Do you think it would be opening in July?


----------



## rteetz

captaindavidhook said:


> Do you think it would be opening in July?


They are pushing it as it is.


----------



## Mark Cameron

PolyRob said:


> Has anyone recently attended Sunday EMH for TSL? How early are people arriving now to get a decent spot in line for SDD? I don't think I need to get there for 5:30am in the morning like when it first opened. HAHA


I was there two Sundays ago.  I was there for EMH but not for SDD.  I only arrived at 7:50 but when we got inside they were separating the line and folks were lined up back at Voyage of the Little Mermaid.  I heard someone say that it was around a 90 minute wait at that point, which I know can be an exaggerated number.  I would recommend getting there 45 minutes to an hour early at least probably!


----------



## ThistleMae

Wow, I had no idea TSL would be so popular.  I hadn't even looked at the map before finding this thread. That slinky dog coaster looks pretty cool!


----------



## PolyRob

Mark Cameron said:


> I was there two Sundays ago.  I was there for EMH but not for SDD.  I only arrived at 7:50 but when we got inside they were separating the line and folks were lined up back at Voyage of the Little Mermaid.  I heard someone say that it was around a 90 minute wait at that point, which I know can be an exaggerated number.  I would recommend getting there 45 minutes to an hour early at least probably!


Thanks! If getting there 15 minutes earlier shaves 30 minutes off the wait its definitely worth it. Looks like I should plan on leaving BC around 6:45am for 8:00am EMH.


----------



## Mark Cameron

ThistleMae said:


> Wow, I had no idea TSL would be so popular.  I hadn't even looked at the map before finding this thread. That slinky dog coaster looks pretty cool!

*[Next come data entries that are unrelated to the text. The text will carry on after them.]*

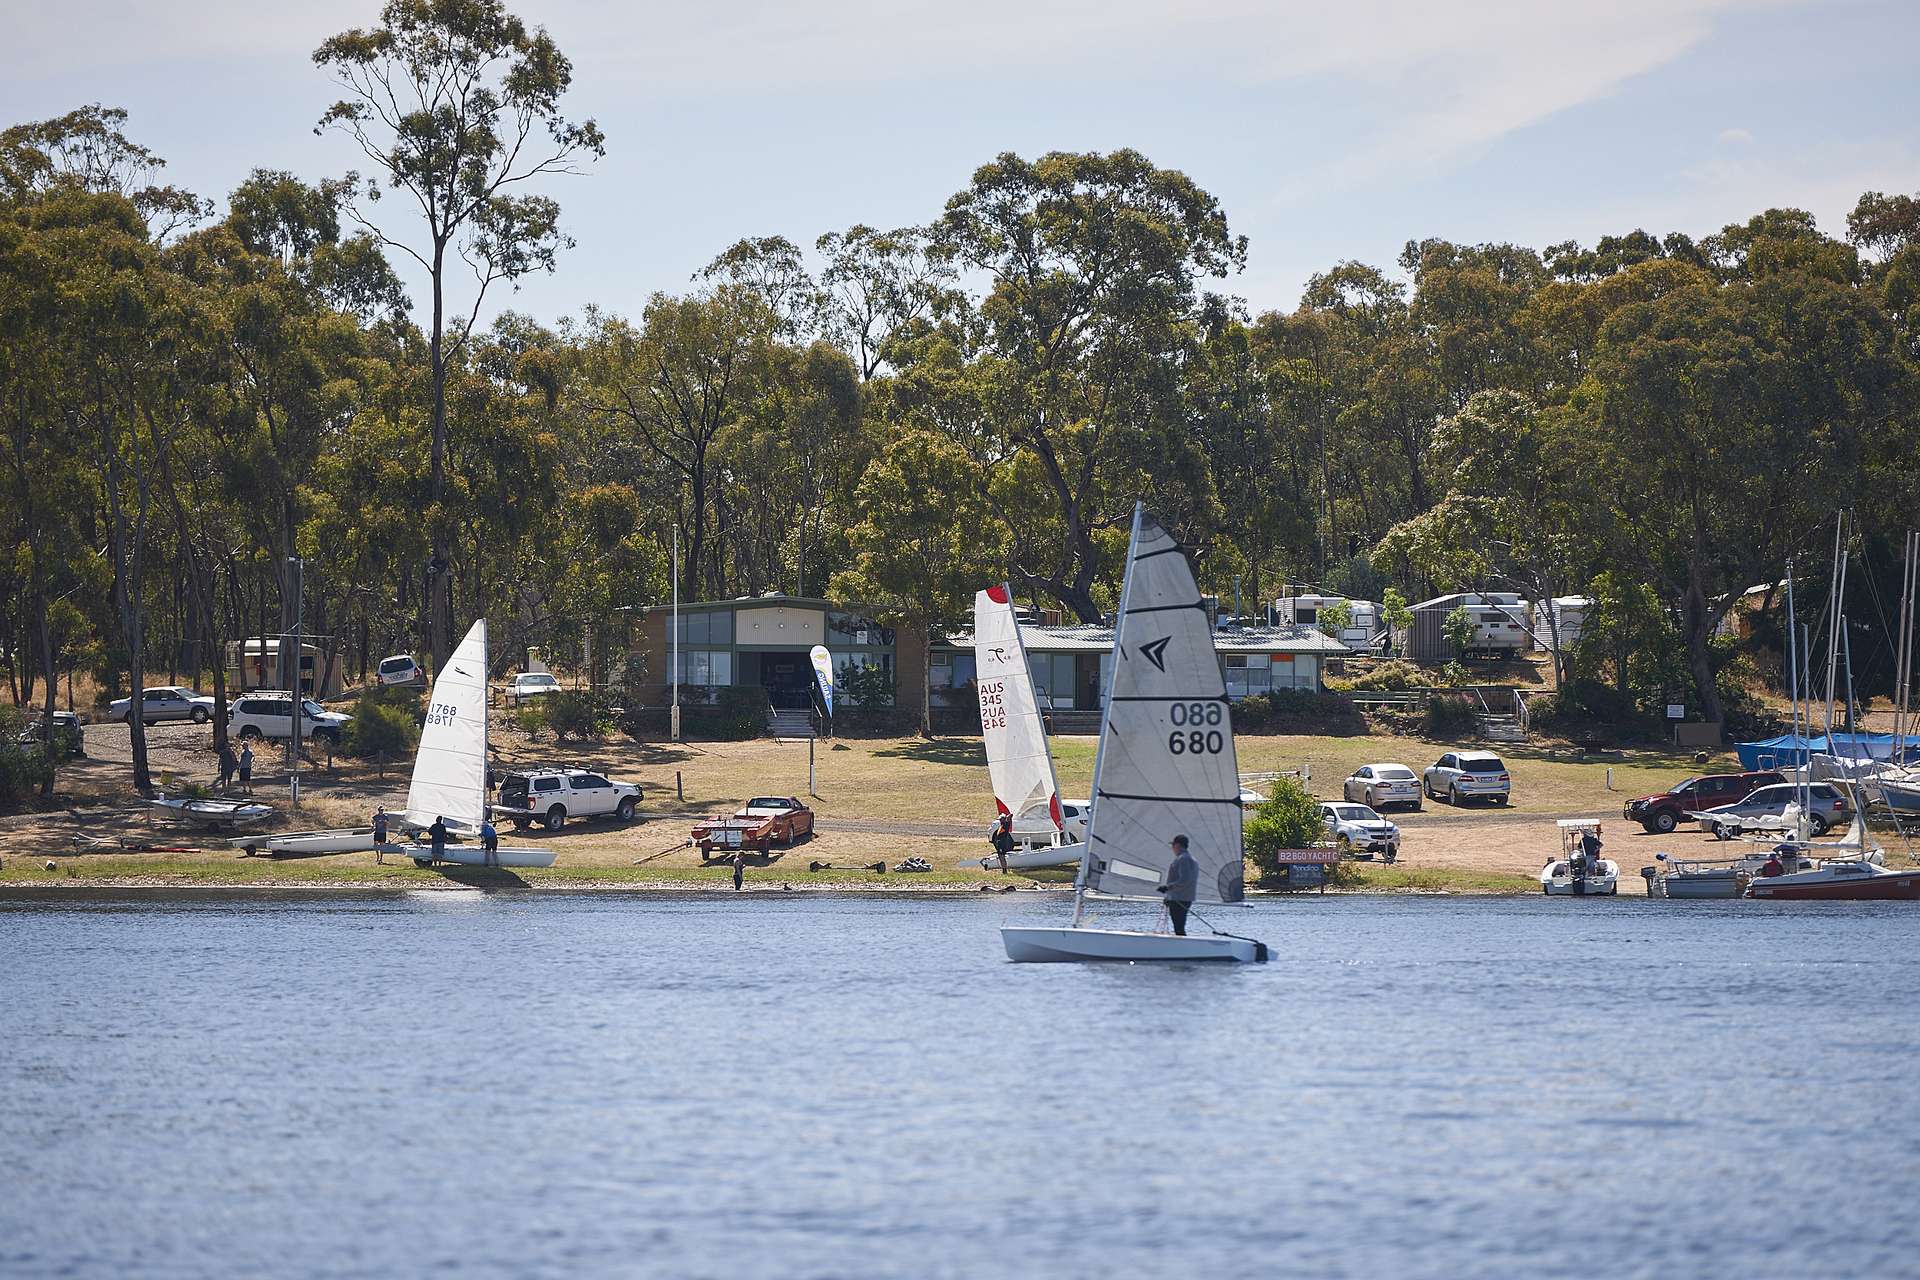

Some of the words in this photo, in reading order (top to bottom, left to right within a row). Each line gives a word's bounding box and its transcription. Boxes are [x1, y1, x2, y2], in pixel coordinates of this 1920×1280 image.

[981, 682, 1004, 695] AUS
[981, 694, 1002, 706] 345
[431, 703, 457, 716] 1768
[1169, 730, 1223, 755] 680
[1307, 852, 1331, 860] YACHT
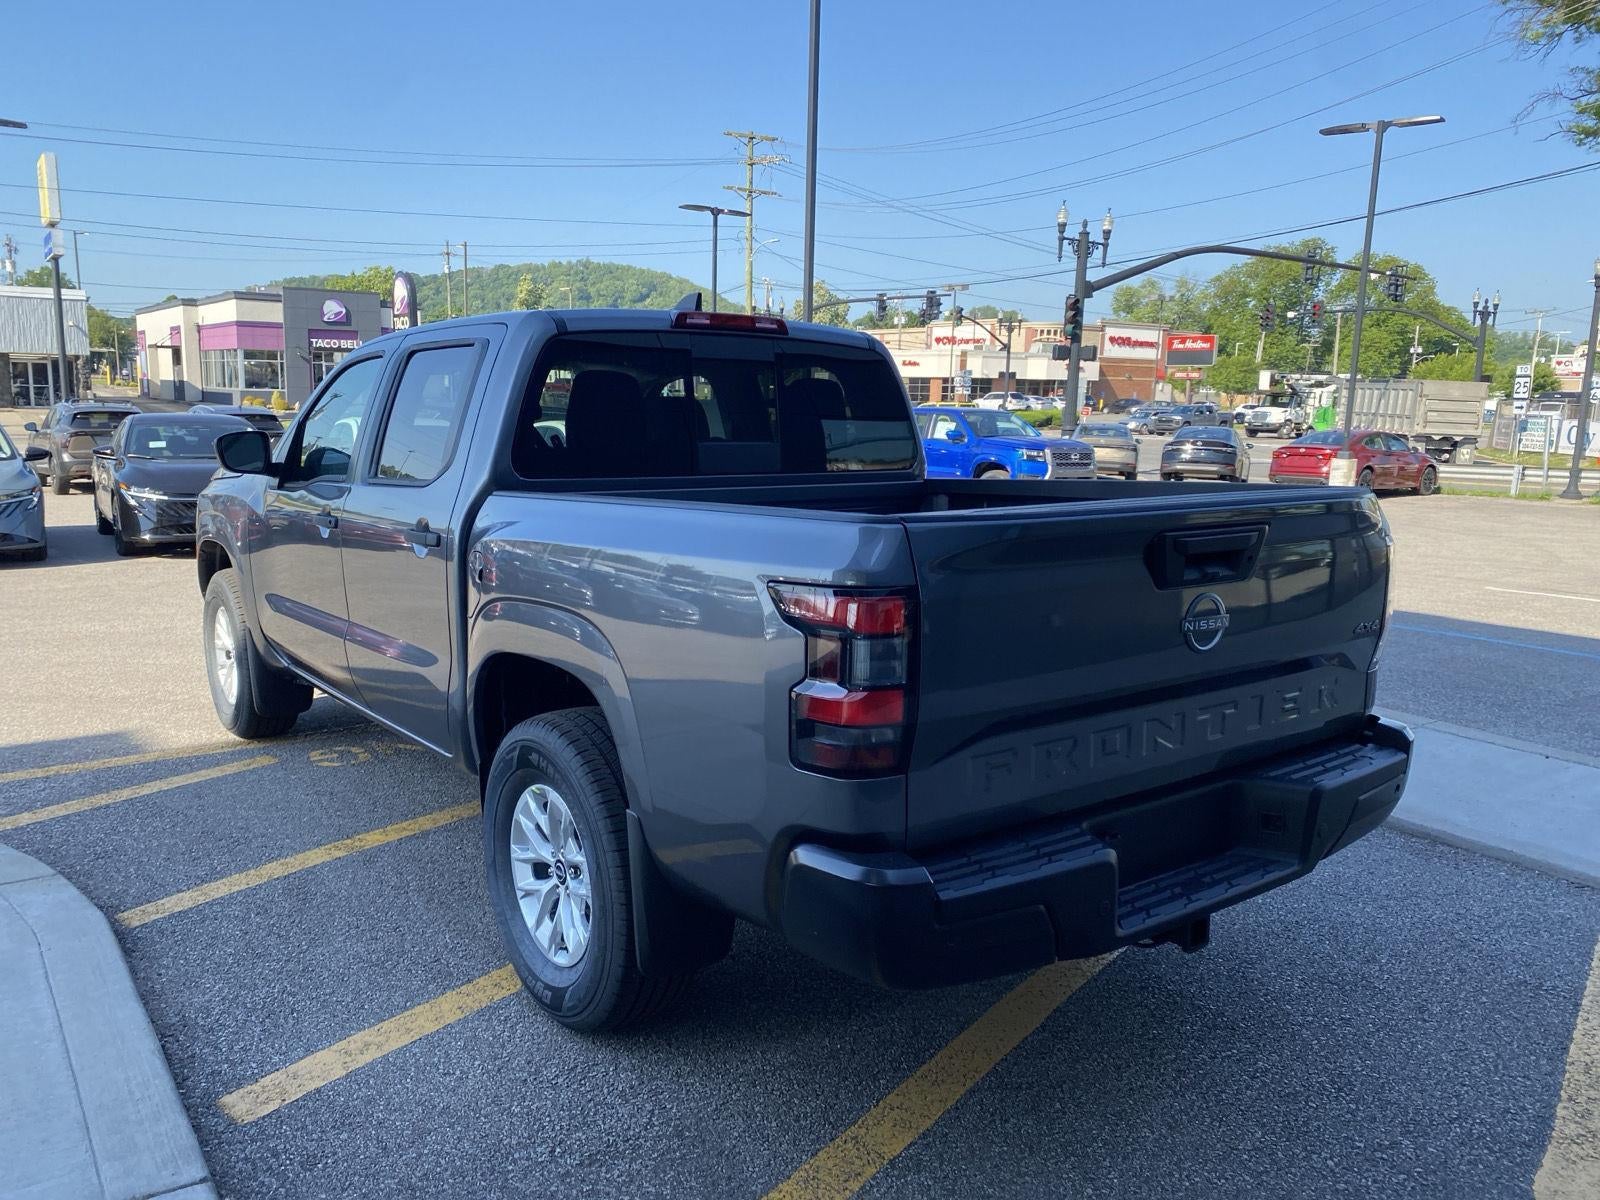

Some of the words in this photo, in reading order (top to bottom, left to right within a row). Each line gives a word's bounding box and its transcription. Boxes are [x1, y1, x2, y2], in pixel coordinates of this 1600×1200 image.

[394, 317, 409, 329] TACO
[310, 339, 338, 348] TACO
[941, 336, 957, 346] CVS
[1172, 339, 1184, 349] Tim
[1185, 339, 1210, 349] Hortons
[1514, 381, 1529, 394] 25
[1184, 617, 1230, 632] NISSAN
[967, 677, 1341, 794] FRONTIER

Slinky Dog Dash is a pretty awesome little ride! It's more intense and high than it looks from the ground.  It's not a B&M Hyper coaster or anything but it is a lot of fun!  It had my whole family smiling and laughing the entire time!


----------



## ThistleMae

Mark Cameron said:


> Slinky Dog Dash is a pretty awesome little ride!


The largest roller coaster I can ride is 7DMT...don't like any larger or bumpier.  I can't ride Thunder Mountain...2 bumpy.  Do you think Slinky Dog is comparable to 7DMT?  I could ride this one all night!


----------



## Iowamomof4

ThistleMae said:


> The largest roller coaster I can ride is 7DMT...don't like any larger or bumpier.  I can't ride Thunder Mountain...2 bumpy.  Do you think Slinky Dog is comparable to 7DMT?  I could ride this one all night!


I haven't ridden it yet, but from what I gather, most people say it's slightly more intense than 7DMT. Most people say it's closer to the intensity of BTMRR, maybe slightly under. There is some lift (feeling like you're being pulled out of your seat) when you go over the "humps" at one point and I think there are 2 launches (one at the beginning and one partway through).


----------



## ThistleMae

Iowamomof4 said:


> most people say it's slightly more intense than 7DMT.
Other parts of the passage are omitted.